Receptor heterodimerization: a new mechanism for platelet-derived growth factor induced resistance to anti-epidermal growth factor receptor therapy for bladder cancer.

PURPOSE

Human bladder cancer cells resistant to anti-epidermal growth factor receptor therapy often co-express platelet-derived growth factor receptor-β. We determined whether there is functional crosstalk between epidermal growth factor receptor and platelet-derived growth factor receptor-β, and how this regulates biological functions in bladder cancer cases.

MATERIALS AND METHODS

We determined heterodimerization and co-localization of epidermal growth factor receptor and platelet-derived growth factor receptor-β by immunoprecipitation and confocal microscopy, respectively. We tested the antiproliferative effects of specific inhibitory monoclonal antibodies to each receptor by (3)H-thymidine uptake assay.
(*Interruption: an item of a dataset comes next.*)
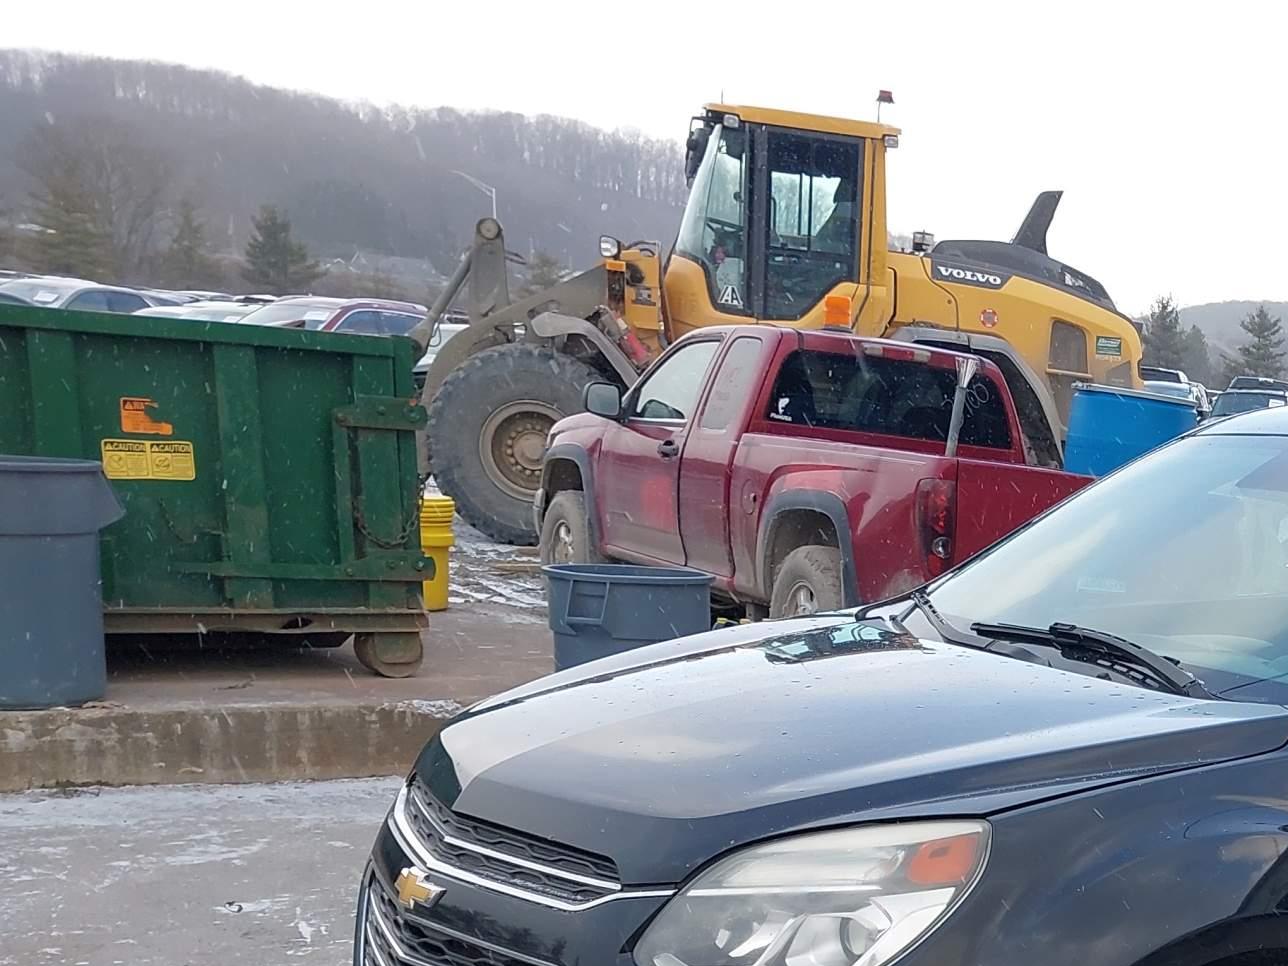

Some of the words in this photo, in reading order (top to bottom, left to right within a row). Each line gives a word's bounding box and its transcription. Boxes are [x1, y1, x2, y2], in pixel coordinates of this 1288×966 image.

We transfected the nonplatelet-derived growth factor receptor-β expressing bladder cancer cell line UMUC5 with the platelet-derived growth factor receptor-β gene. These cells were analyzed in vitro by (3)H-thymidine uptake and by Matrigel™ invasion assay, and in vivo for tumorigenicity, metastatic potential and orthotopic growth. In a treatment study nude mice were inoculated with orthotopic tumors and treated with the inhibitory antibodies alone and in combination.

RESULTS

Immunoprecipitation revealed epidermal growth factor receptor/platelet-derived growth factor receptor-β heterodimers in all platelet-derived growth factor receptor-β expressing cell lines. Forced expression of platelet-derived growth factor receptor-β in epidermal growth factor receptor sensitive UMUC5 cells (50% inhibitory concentration less than 10 nM) significantly decreased responsiveness to epidermal growth factor receptor inhibition (50% inhibitory concentration greater than 100 nM) and increased invasive potential 3-fold as well as tumorigenicity. Increased invasiveness was associated with epidermal growth factor triggered platelet-derived growth factor receptor-β transactivation, increased mitogen activated protein kinase and glycogen synthase kinase-3β phosphorylation, and decreased E-cadherin. Inhibition of epidermal growth factor receptor and platelet-derived growth factor receptor-β receptors blocked cell invasion, decreased cell proliferation, reduced xenograft tumor growth and increased E-cadherin expression.

CONCLUSIONS

In epidermal growth factor receptor expressing bladder cancer co-expression of platelet-derived growth factor receptor-β has implications for tumor biology. Thus, it should be further evaluated as a strategy involving dual receptor targeting.